After making its presence in higher education, Shiv Nadar foundation is now making foray into elementary education with the establishment of its schools across the country.

The foundation, which has a corpus of nearly one billion, on Wednesday announced the establishment of Shiv Nadar School in India. To start with, the foundation is coming up with two schools in Noida and Gurgaon.

Going forward, the foundation aims to establish 25 schools across the country by 2020.

Earlier, Azim Premji, chairman of Indian software major Wipro had said that the non-profit Azim Premji Foundation will start work on setting up a school in every district in India.

The Shiv Nadar Foundation has been established by Shiv Nadar, Founder, HCL — a $6 billion leading global technology and IT enterprise, which employs over 85,000 employees across 31 countries.

The 34-year-old enterprise, founded in 1976, is one of India’s original IT garage start-ups and offers diverse business aligned technology solutions spanning the entire hardware and software spectrum, to a focused range of industry verticals.

The Foundation is committed to the creation of a more equitable, meritocracy based society by empowering individuals to bridge the socio-economic divide.

The foundation has set-up the SSN Institutions in 1996, comprising the SSN College of Engineering (already a highly ranked private engineering college in India), the SSN School of Management and Computer Applications and the SSN School of Advanced Software Engineering, in Chennai, Tamil Nadu.
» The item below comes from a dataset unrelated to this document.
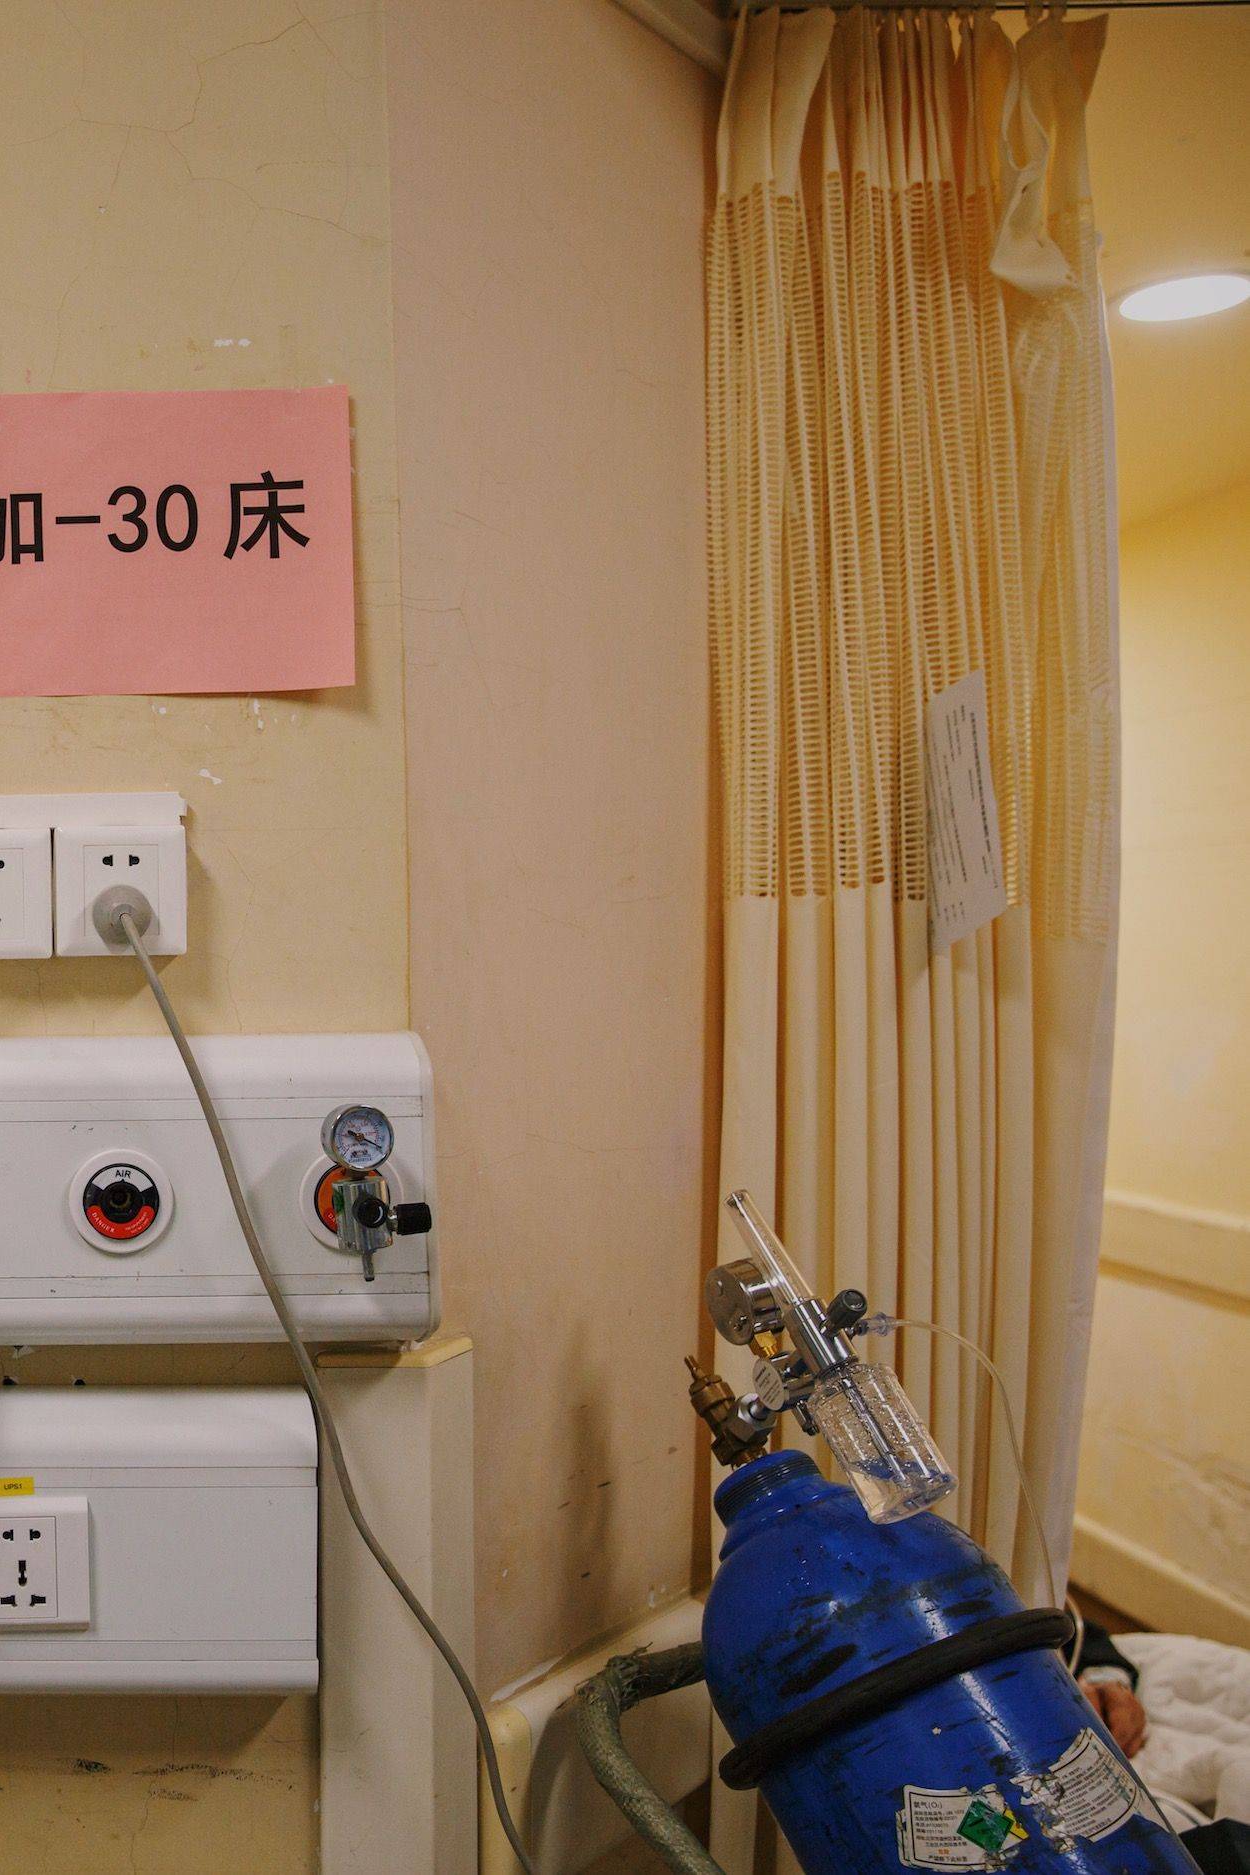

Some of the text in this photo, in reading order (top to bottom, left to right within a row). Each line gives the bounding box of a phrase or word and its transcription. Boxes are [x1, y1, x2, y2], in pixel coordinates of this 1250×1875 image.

Building on the experience from successfully running the SSN Institutions, the Shiv Nadar Foundation has now set up the Shiv Nadar University in a 286- acre campus in Greater Noida. In addition the Foundation runs the VidyaGyan schools, a radical social experiment in nurturing leadership from amongst highly gifted rural poor children at Bulandshahr, Sitapur and an upcoming school near Varanasi in Uttar Pradesh. The Foundation is also setting up Shiv Nadar School across India to build world-class schools aiming to provide children with education for life.